Research question 3:
Are married people more likely to have a child of maximum 9 compared to those who never married? (While women are married, they tend to have very high birth rates.)
For this we’ll be using the following variables:
• marital: Respondents marital status.
• children: Computed number of children of the respondents.
Checking out the type of variables that we’re dealing with:
str(select(brfss2013,marital,children))## 'data.frame': 491775 obs. of 2 variables:
## $ marital : Factor w/ 6 levels "Married","Divorced",..: 2 1 1 1 1 2 1 3 1 1 ...
## $ children: int 0 2 0 0 0 0 1 0 1 0 ...
Let’s begin to check of those people who have married status.
total_obs<-nrow(brfss2013)
brfss2013%>%
group_by(marital)%>%
filter(marital!="NA")%>%
summarize(count=n(),percentage=n()*100/total_obs)## # A tibble: 6 × 3
## marital count percentage
## <fct> <int> <dbl>
## 1 Married 253329 51.5
## 2 Divorced 70376 14.3
## 3 Widowed 65745 13.4
## 4 Separated 10662 2.17
## 5 Never married 75070 15.3
## 6 A member of an unmarried couple 13173 2.68
We have noticed that around 51% of the respondents are married and 15% never married.
Now, we will take a look if those married people are more likely to have a child of maximum 9 than to those never married people. The data will group according to their marital status having a child of 9.
total_obs<-nrow(brfss2013)
brfss2013%>%
group_by(marital,children)%>%
filter(marital!="NA", children=="9")%>%
summarize(count=n(),percentage=n()*100/total_obs)## `summarise()` has grouped output by 'marital'. You can override using the
## `.groups` argument.
## # A tibble: 6 × 4
## # Groups: marital [6]
## marital children count percentage
## <fct> <int> <int> <dbl>
## 1 Married 9 29 0.00590
## 2 Divorced 9 2 0.000407
## 3 Widowed 9 2 0.000407
## 4 Separated 9 1 0.000203
## 5 Never married 9 8 0.00163
## 6 A member of an unmarried couple 9 1 0.000203
Graph
Mar<- brfss2013%>%
filter(marital == "Married",children=="9")
M<- nrow(Mar)
Div<-brfss2013%>%
filter(marital == "Divorced",children=="9")
D<- nrow(Div)
Wid<-brfss2013%>%
filter(marital == "Widowed",children=="9")
W<-nrow(Wid)
Sep<-brfss2013%>%
filter(marital == "Separated",children=="9")
S<-nrow(Sep)
Nev<-brfss2013%>%
filter(marital == "Never Married",children=="9")
N<-nrow(Nev)
Unm<-brfss2013%>%
filter(marital == "A member of an unmarried couple",children=="9")

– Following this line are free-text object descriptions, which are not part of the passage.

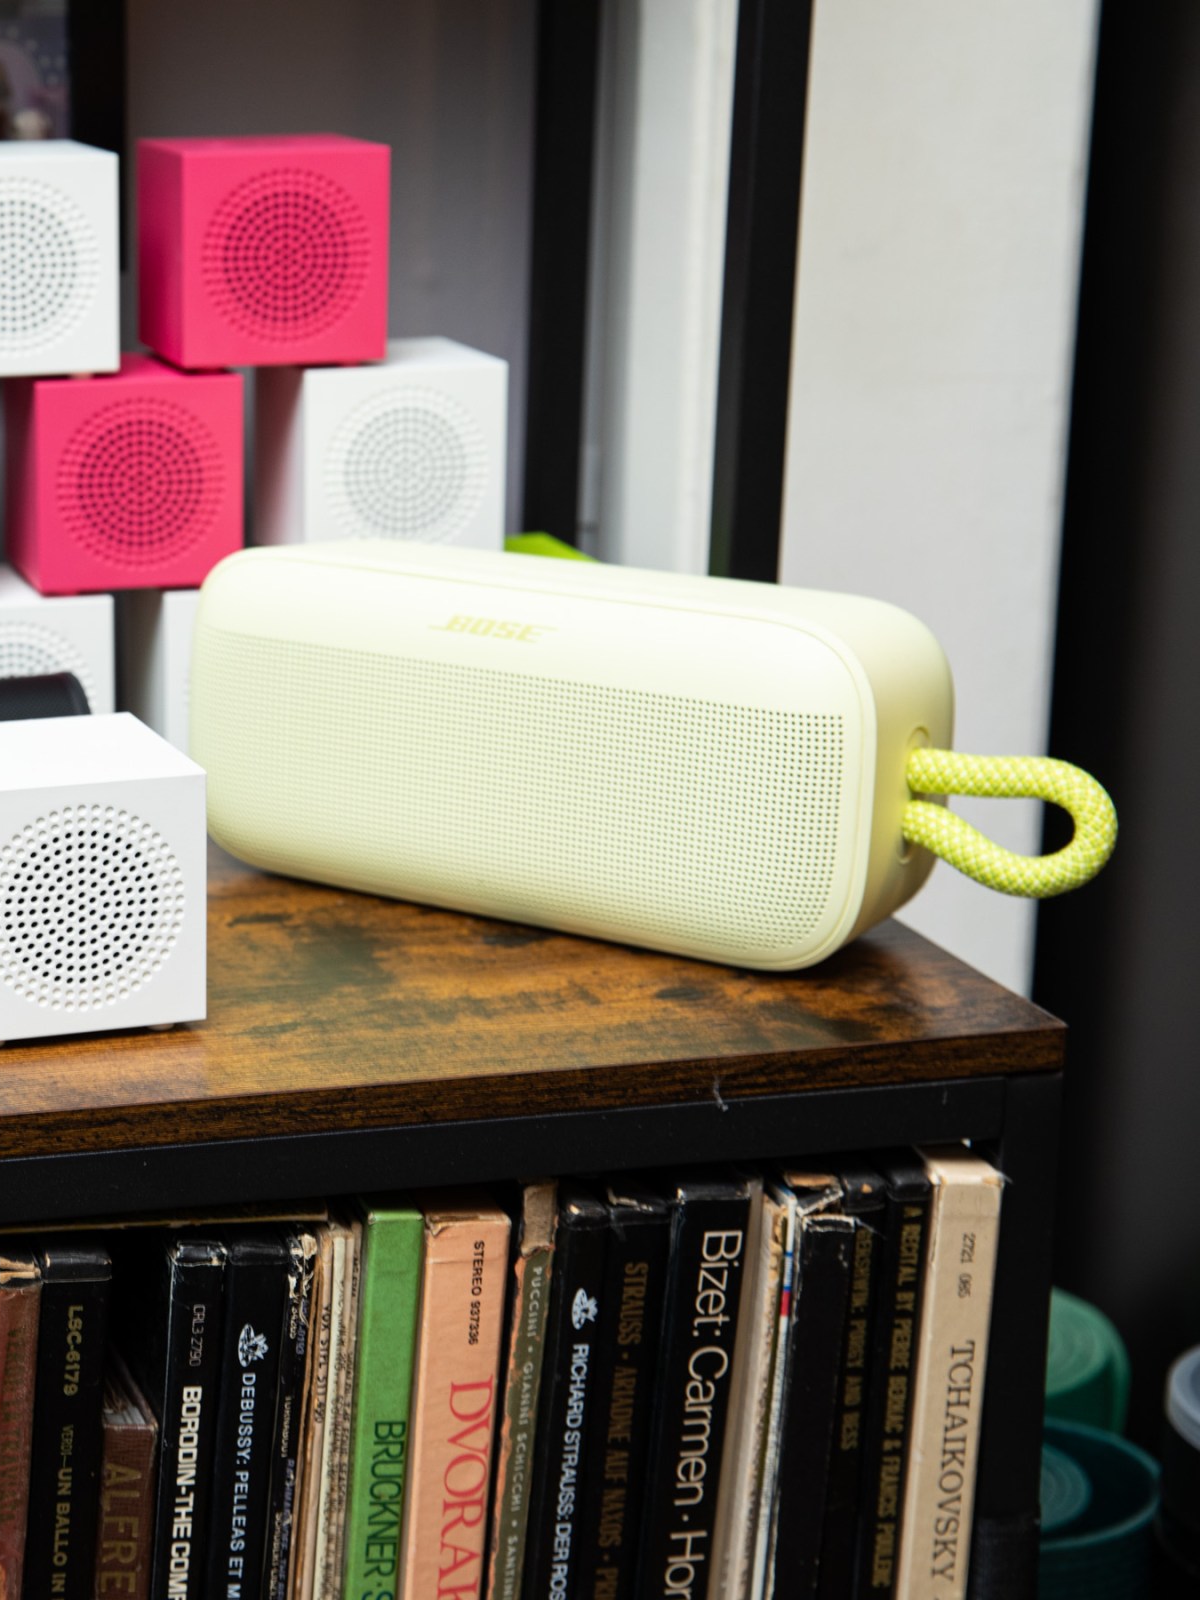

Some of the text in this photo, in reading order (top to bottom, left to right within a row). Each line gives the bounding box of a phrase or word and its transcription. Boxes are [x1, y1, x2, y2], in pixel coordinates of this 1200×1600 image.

[429, 612, 557, 644] BOSE
[471, 1240, 485, 1297] STEREO
[693, 1230, 744, 1337] Bizet:
[960, 1232, 977, 1265] 2721
[527, 1265, 543, 1338] PUCCINI
[617, 1262, 649, 1345] STRAUSS
[63, 1304, 84, 1397] LSC-6179
[566, 1343, 590, 1429] RICHARD
[236, 1371, 256, 1465] DEBUSSY:
[519, 1361, 534, 1425] GIANNI
[608, 1365, 639, 1444] ARIADNE
[673, 1346, 729, 1507] Carmen
[173, 1385, 203, 1539] BORODIN-THE
[363, 1420, 406, 1578] BRUCKNER
[511, 1432, 528, 1513] SCHICCHI
[556, 1430, 581, 1521] STRAUSS:
[604, 1449, 628, 1483] AUF
[931, 1340, 977, 1583] TCHAIKOVSKY
[54, 1502, 70, 1567] BALLO
[101, 1462, 142, 1594] ALFRE
[230, 1470, 250, 1552] PELLEAS
[553, 1522, 572, 1562] DER
[598, 1487, 626, 1549] NAXOS
[51, 1572, 66, 1593] IN
[227, 1556, 244, 1580] ET

U<-nrow(Unm)x<- c(M,D,W,S,N,U)
labels <- c("Married","Divorced","Widowed","Separated","Nver Married","A member of an unmarried couple")pie(x, main = "People who have a child of maximum 9",col= rainbow (length(x)))
legend("bottomright", c("Married","Divorced","Widowed","Separated","Nver Married","A member of an unmarried couple"), cex = 0.5,
fill = rainbow(length(x)))Interpretation: In conclusion, people who never married that having a child of 9 only got a percentage of 0.16%. Thus, we can say that married people are more likely to have a child of maximum 9 with a percentage of 0.58% compared to those who never married.